HvlQueryNumaDistance

The HvlQueryNumaDistance function queries the hypervisor for the distance between two NUMA nodes.

Declaration

NTSTATUS 
HvlQueryNumaDistance (
    USHORT CpuNumaNode, 
    USHORT MemoryNumaNode, 
    ULONG64 *Distance);

Parameters

The CpuNumaNode and MemoryNumaNode arguments specify the nodes to evaluate.

The Distance argument provides the address of a variable that is to receive the distance.

Return Value

The function returns STATUS_SUCCESS if successful, else a negative error code.

If the function fails, it produces the distance as -1. This, not the return value, is what the kernel tests for the success or failure of its one internal use of this function. No other use of the function is known.

Availability

The HvlQueryNumaDistance function is exported by name from the kernel in version 6.3 and higher. It exists in version 6.2 but only as an internal routine, not as an exported function.

Documentation Status

The HvlQueryNumaDistance function is not documented. It is, however, declared in the NTOSP.H from the Windows Driver Kit (WDK) for Windows 10.

Behaviour

The query is made of the hypervisor via hypercall code 0x0078, which Microsoft’s Hypervisor Top-Level Functional Specification documents as HvCallQueryNumaDistance. This documentation describes the distance as “the number of CPU cycles for 1024 accesses” from the CPU node to the memory node, else as -1 if “the calculation is not possible.”

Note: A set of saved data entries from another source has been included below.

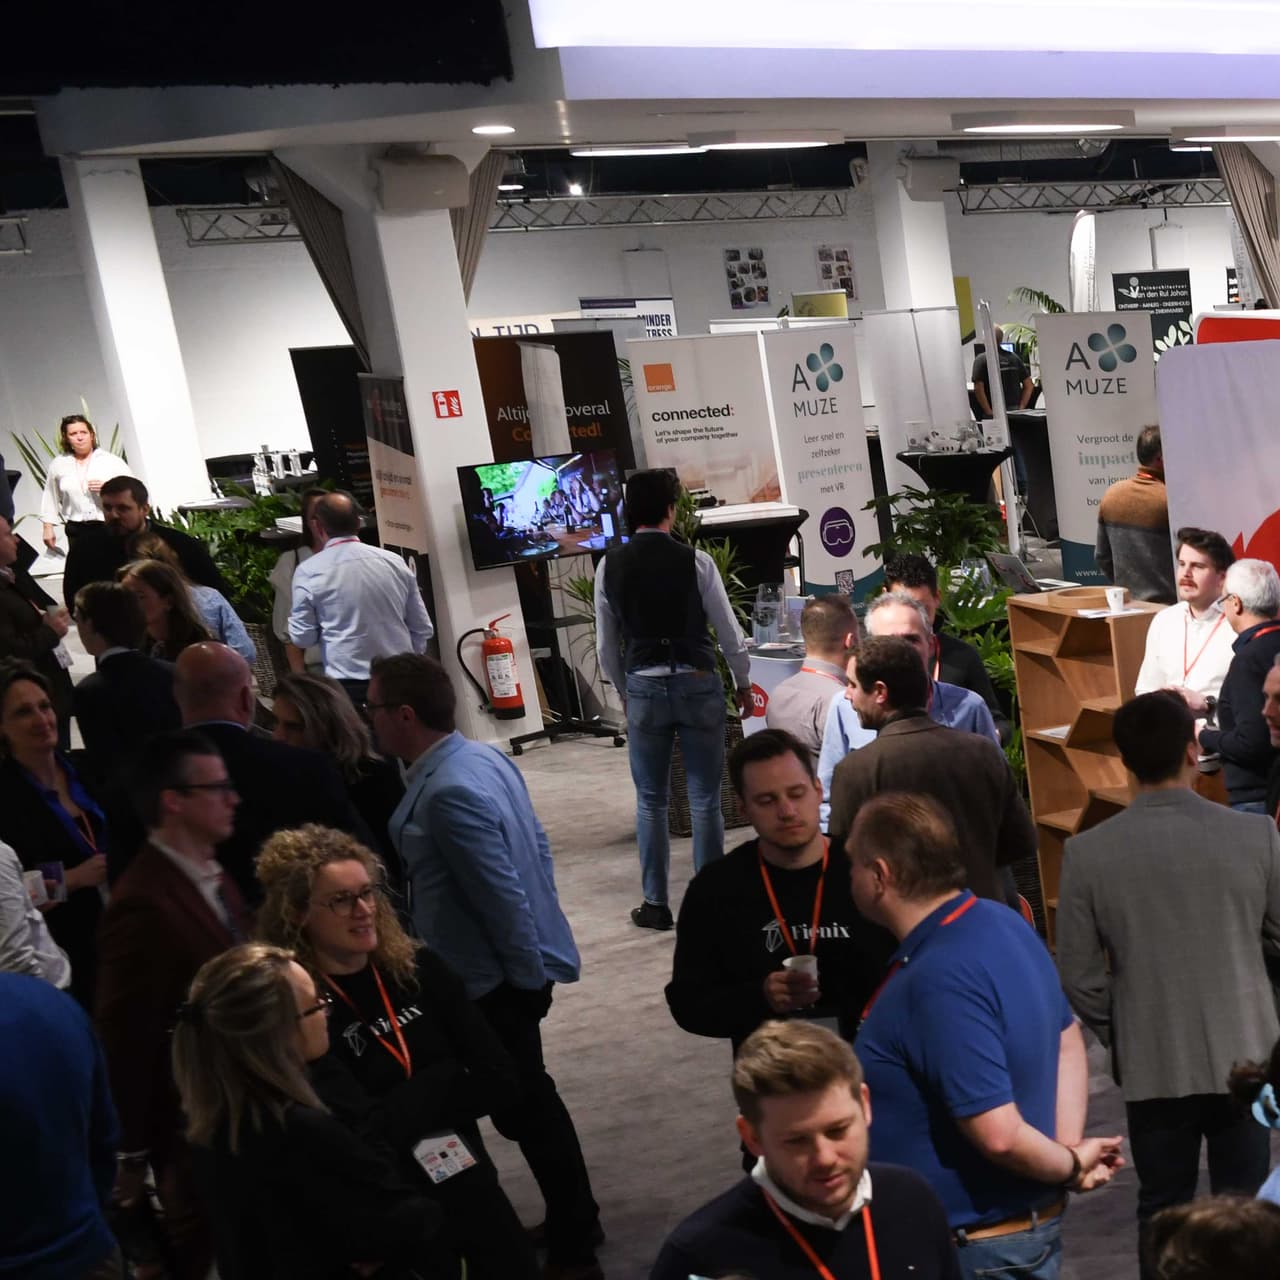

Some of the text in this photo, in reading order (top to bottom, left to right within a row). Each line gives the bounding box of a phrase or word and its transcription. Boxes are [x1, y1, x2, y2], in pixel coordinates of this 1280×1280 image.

[1066, 377, 1128, 396] MUZE
[497, 405, 531, 423] Altij
[652, 403, 735, 422] connected:
[793, 397, 839, 418] MUZE
[672, 428, 692, 436] shape
[680, 434, 710, 442] company
[710, 432, 738, 440] together
[804, 434, 819, 444] Leer
[820, 432, 834, 442] snel
[1077, 433, 1134, 446] Vergroot de
[1079, 451, 1136, 469] impact
[1088, 477, 1106, 485] van
[820, 482, 845, 494] met VR

The hypercall requires proximity domain IDs. The function obtains these from the given node numbers by looking in the kernel’s array of KNODE structures.

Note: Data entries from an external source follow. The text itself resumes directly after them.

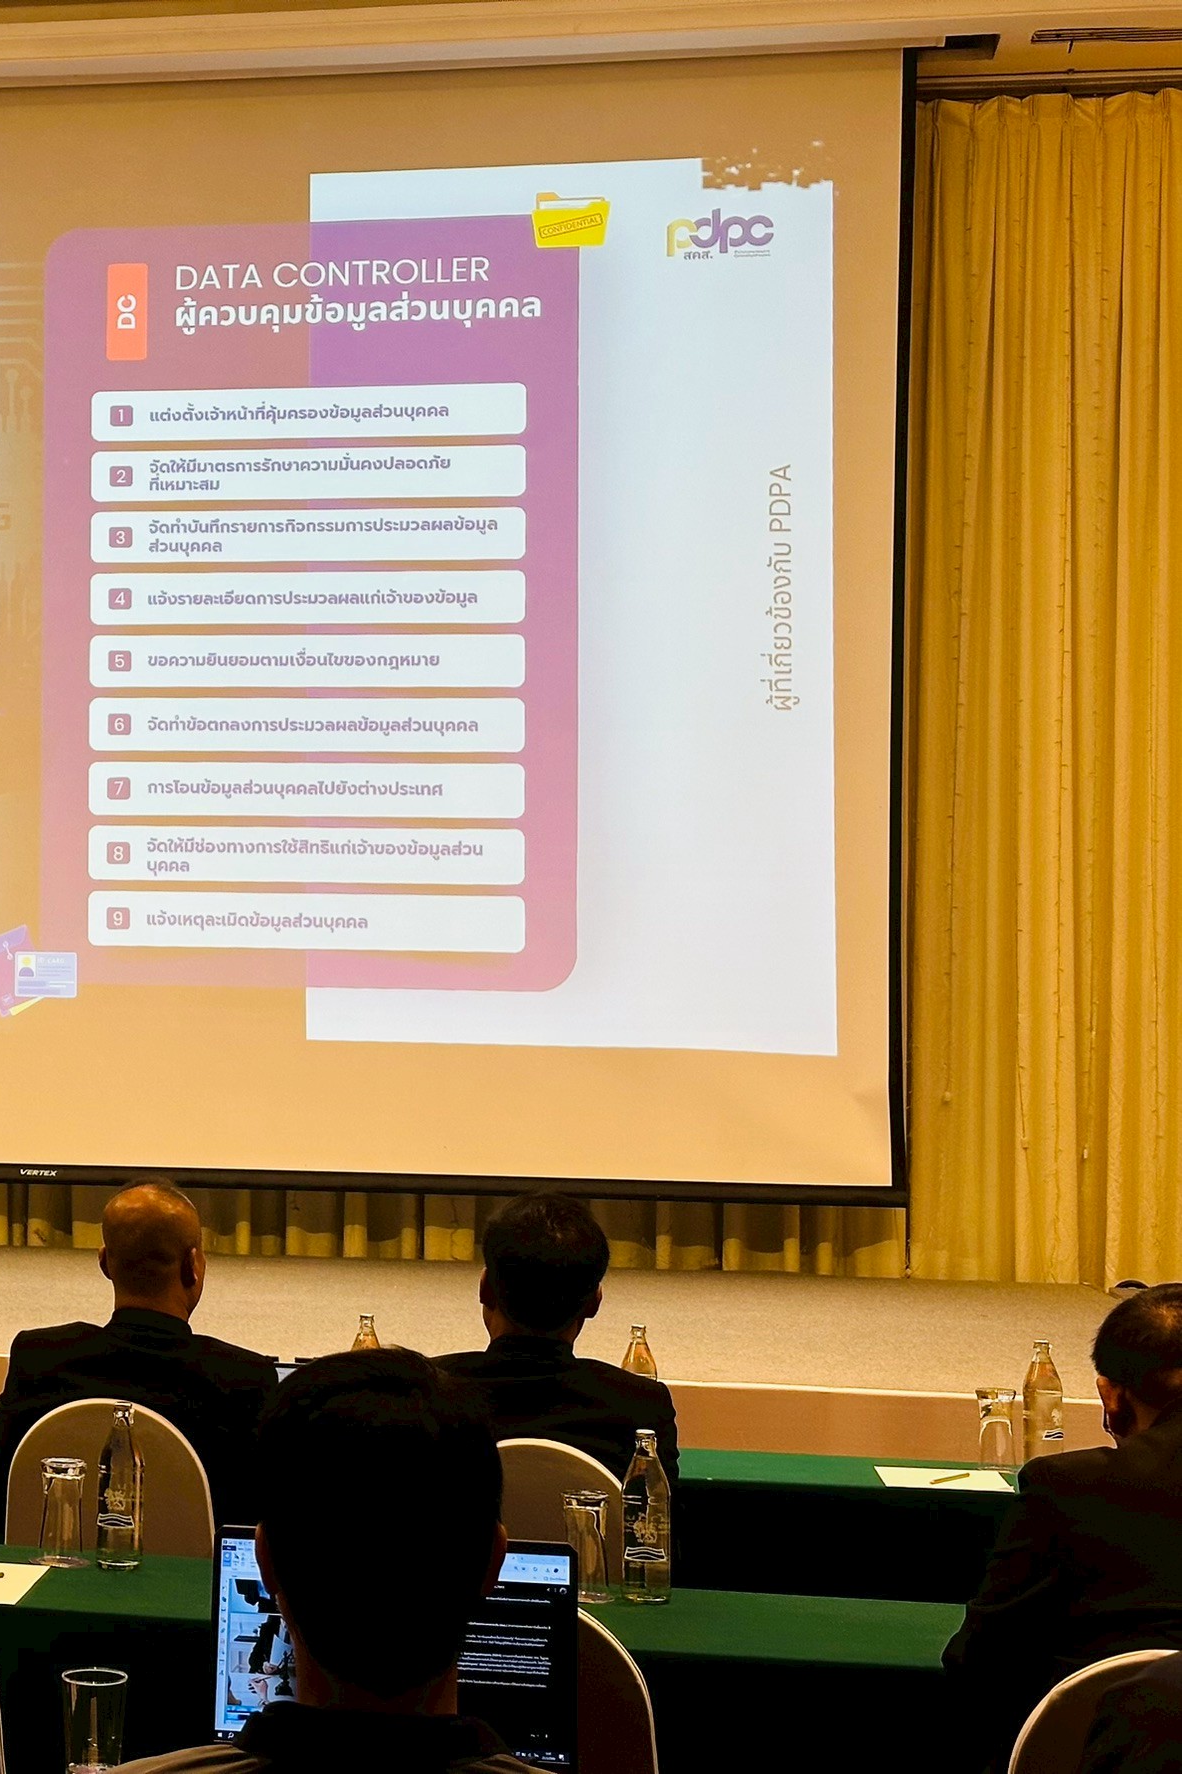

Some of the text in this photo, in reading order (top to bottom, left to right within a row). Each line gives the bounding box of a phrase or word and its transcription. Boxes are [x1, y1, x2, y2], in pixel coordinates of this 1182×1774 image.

[542, 215, 600, 236] CONFIDENTIAL
[175, 256, 491, 291] DATA CONTROLLER
[117, 294, 137, 329] DC
[175, 291, 542, 335] ผู้ควบคุมข้อมูลส่วนบุคคล
[117, 401, 450, 424] 1 แต่งตั้งเจ้าหน้าที่คุ้มครองข้อมูลส่วนบุคคล
[116, 452, 451, 483] 2 จัดให้มีมาตรการรักษาความมั่นคงปลอดภัย
[149, 473, 220, 491] ที่เหมาะสม
[116, 516, 498, 545] 3 จัดทำบันทึกรายการกิจกรรมการประมวลผลข้อมูล
[148, 538, 223, 557] ส่วนบุคคล
[114, 588, 478, 609] 4 แจ้งรายละเอียดการประมวลผลแก่เจ้าของข้อมูล
[760, 464, 800, 711] ผู้ที่เกี่ยวข้องกับ PDPA
[114, 647, 440, 671] 5 ขอความยินยอมตามเงื่อนไขของกฎหมาย
[114, 714, 479, 737] 6 จัดทำข้อตกลงการประมวลผลข้อมูลส่วนบุคคล
[114, 778, 443, 800] 7 การโอนข้อมูลส่วนบุคคลไปยังต่างประเทศ
[113, 837, 484, 861] 8 จัดให้มีช่องทางการใช้สิทธิแก่เจ้าของข้อมูลส่วน
[146, 859, 190, 875] บุคคล
[113, 910, 369, 933] 9 แจ้งเหตุละเมิดข้อมูลส่วนบุคคล
[20, 1168, 58, 1177] VERTEX

The function does not check that the hypervisor supports the query, i.e., that NumaDistanceQueryAvailable is set in the HV_HYPERVISOR_FEATURES that are the output of cpuid leaf 0x40000003. From the one place that the kernel calls this function internally, this check is made before calling the function, the point being that the kernel would itself compute the distance between nodes except for noticing that it can—indeed, would better—ask the hypervisor.

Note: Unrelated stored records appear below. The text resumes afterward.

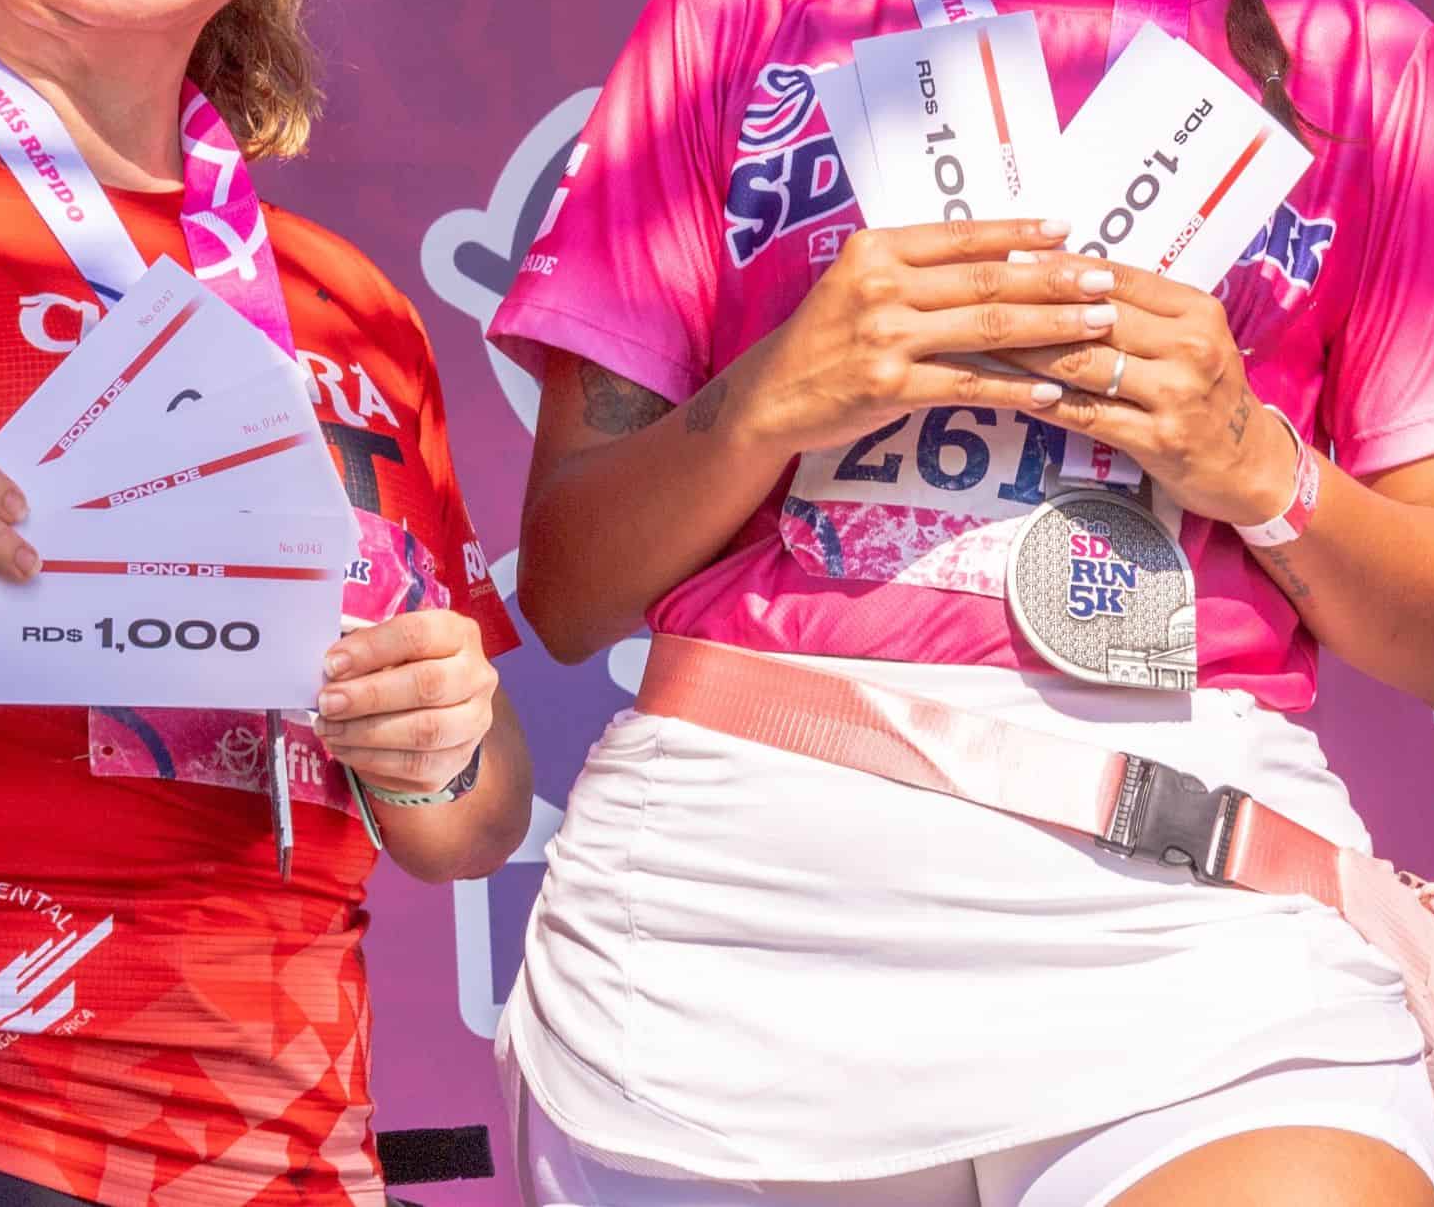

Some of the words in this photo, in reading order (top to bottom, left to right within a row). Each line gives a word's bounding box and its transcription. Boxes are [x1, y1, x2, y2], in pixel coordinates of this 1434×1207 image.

[20, 135, 85, 222] RÁPIDO
[925, 123, 974, 221] 1,00
[1166, 214, 1205, 263] BONO
[58, 403, 104, 451] BONO
[103, 377, 128, 403] DE
[108, 479, 168, 507] BONO
[173, 466, 201, 485] DE
[1070, 534, 1112, 560] SD
[126, 562, 191, 577] BONO
[197, 564, 226, 577] DE
[344, 560, 370, 584] K
[1070, 559, 1139, 589] RUN
[1068, 584, 1125, 618] 5K
[23, 627, 83, 643] RD$
[95, 618, 261, 653] 1,000
[287, 740, 323, 784] fit

Incidentally, the kernel establishes its table of distances between nodes during phase 1 of the kernel’s initialisation. Without hypervisor support, the kernel computes the distances experimentally by: switching to a processor in the CPU node; obtaining a page of memory from the memory node, locked and mapped into system address space; and then, while at DISPATCH_LEVEL, timing the reading of the whole page as successive dwords or qwords (for 32-bit and 64-bit Windows, respectively).